Aku sendiri bingung dengan apa yang terjadi,
Hari
kedua Sri tetap tak datang, hari ketiga, keempat, sepekan, sebulan,
hingga muncul surat dari sekolah. Isinya, ia dikeluarkan dengan tidak
hormat. Terang saja, ini menyisakan beban tak ringan bagi kami,
teman-teman satu kelasnya.
Sri benar-benar menghilang. Tak hanya
dari sekolah. Ia dan keluarga pun pindah ke kota lain. Tak ada yang tahu
di mana tepatnya. Dari kabar yang beredar, satu hari sebelum mereka pindah dari desa, segerombol polisi mendatangi rumahnya. Menangkap sang ayah. Aku kaget dibuatnya. Ah,
sebegitu besarkah dampak yang harus diterima Sri? Hanya karena bertanya
tentang ilmu sejarah yang dianggapnya tak sesuai dengan kenyataan?

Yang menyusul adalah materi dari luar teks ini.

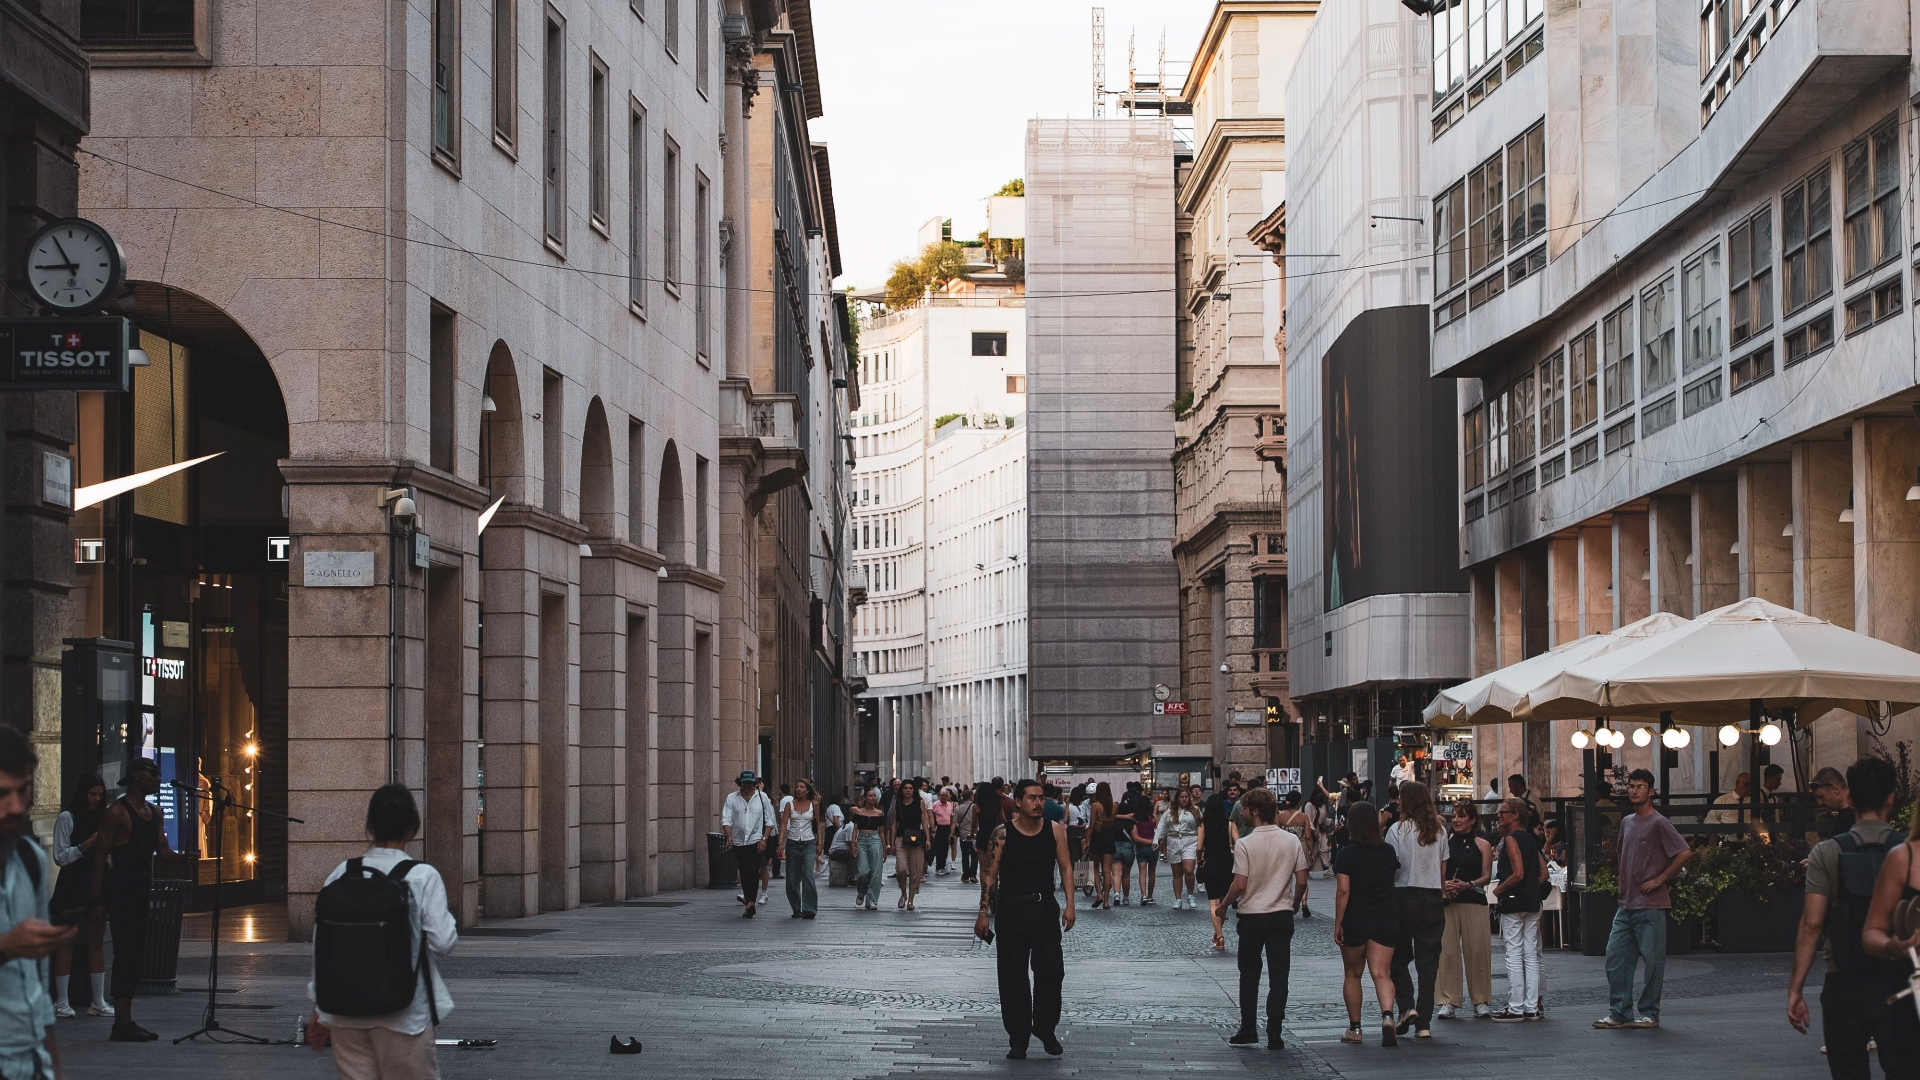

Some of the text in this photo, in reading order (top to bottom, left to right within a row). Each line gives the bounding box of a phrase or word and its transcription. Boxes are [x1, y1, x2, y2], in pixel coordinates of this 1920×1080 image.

Tiba-tiba aku takut bertanya tentang apa pun.
Sangat takut.
Namanya
Sri. Hanya Sri. Sangat singkat bukan? Awalnya, aku pun menyangka ada
kelanjutan dari tiga huruf itu. Namun tidak. Namanya benar-benar Sri,
hanya Sri. Entah di mana ia sekarang.
Lima belas tahun tak ada
kabar. Aku sendiri telah beranak tiga. Yang terakhir, perempuan, dan
sengaja kuberi nama Sri. Hanya Sri. Nama yang sama bukan? Namun aku tak
ingin menceritakan tentang sejarah kepadanya. Tidak.